Nothing. Perfume bottles, hair brushes, tubs of cochineal paste, jewelled girdles, and hat pins. What was needed was…
“Your sword belt. Give me your sword belt.” The sword was already unclipped from it and propped in a corner. But he stayed frozen, unable to move. “The sword belt,” I shrieked, leaning across the bed, only inches from his face. He started, straightened up, tried to unbuckle the belt but failed, his fingers all of a tangle. Racing around to his side of the bed, I squeezed myself between him and it, our thighs and bellies pressed together in a parody of lust of which we were neither wholly aware nor unaware. I unfastened the belt, clambered on to the bed, and, kneeling behind Donna Lucrezia, pushed it into her mouth. She tossed back her head and bucked like a stubborn horse resisting the bit. Attempting to soothe her, I rubbed her back. It was then I realised the bedding bunched and rucked beneath her was sodden.
“Her waters have broken,” I told Cesare, twisting round on the bed to face him.

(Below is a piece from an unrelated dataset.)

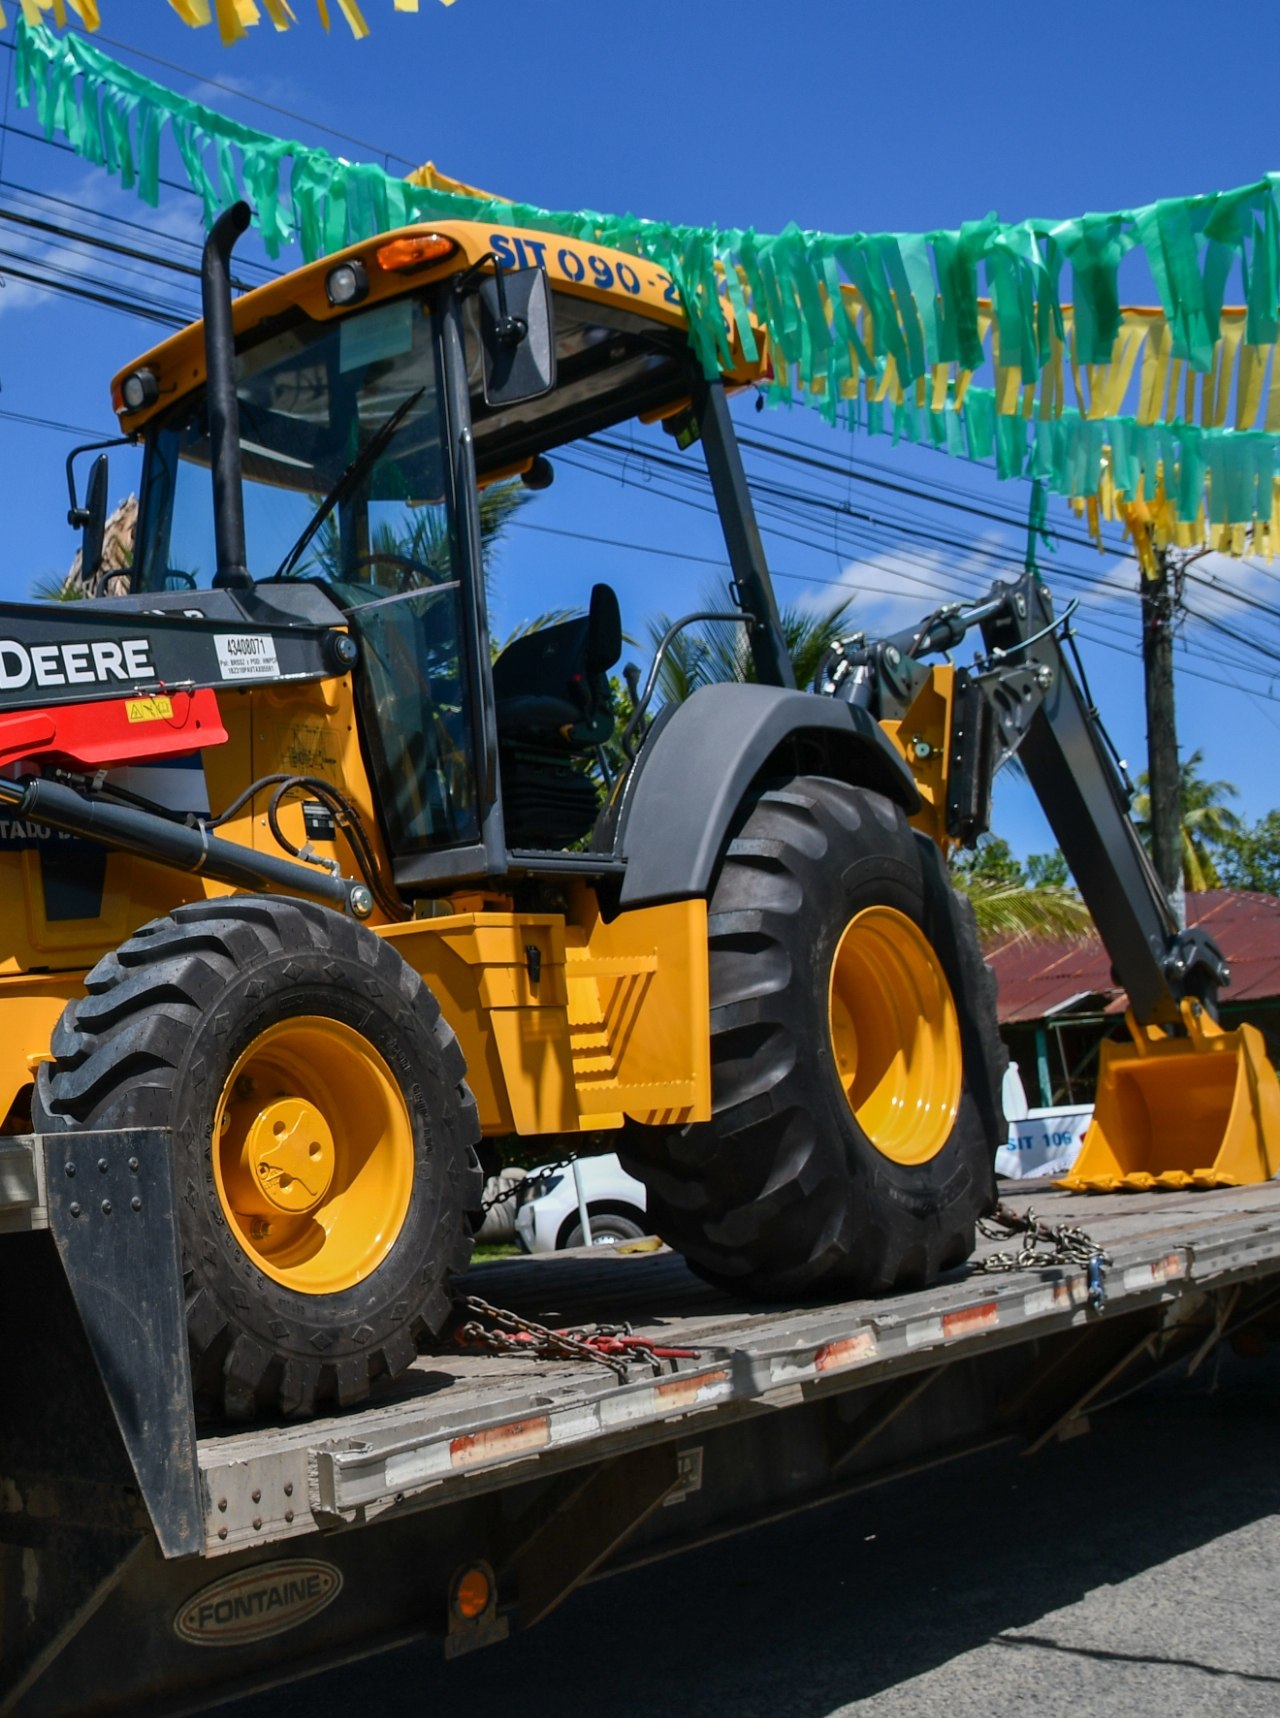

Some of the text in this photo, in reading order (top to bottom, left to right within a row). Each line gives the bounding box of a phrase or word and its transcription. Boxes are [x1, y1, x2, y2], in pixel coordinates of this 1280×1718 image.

“It’s two months too soon.” We stared at one another with the calm of complete hopelessness; even Donna Lucrezia fell quiet, coming out of her fit with a long, shuddering sigh then lying as if asleep, spared the pains of labour as though the child too knew there was nothing to be done. Then Cesare blinked and shook his head as though shaking off a dream.
“Torella!” he roared. “Name of Christ, where are you, man?”
The arrival of Gaspare Torella, still clutching a lump of bread and cheese, was immediately consoling. I had met Cesare’s physician on several occasions in Rome, for he was a man as well versed in the social graces as in the profession of healing, and I liked him. He came from Valencia and he used to make me laugh. Cesare, I knew, held him in great trust since Torella had cured him of the pox by a complicated regime of purgings, blood lettings, and mercury sudations which were the talk of the spa at Stigliano while Cesare was enduring them. Torella had then written a treatise on the cure, with the patient’s enthusiastic connivance, and had, from the proceeds of his growing fame, presented his young patron with a gold and enamel pill box in which to keep the pills of celandine and aloe he was supposed to take each day with meals to prevent a recurrence of his illness.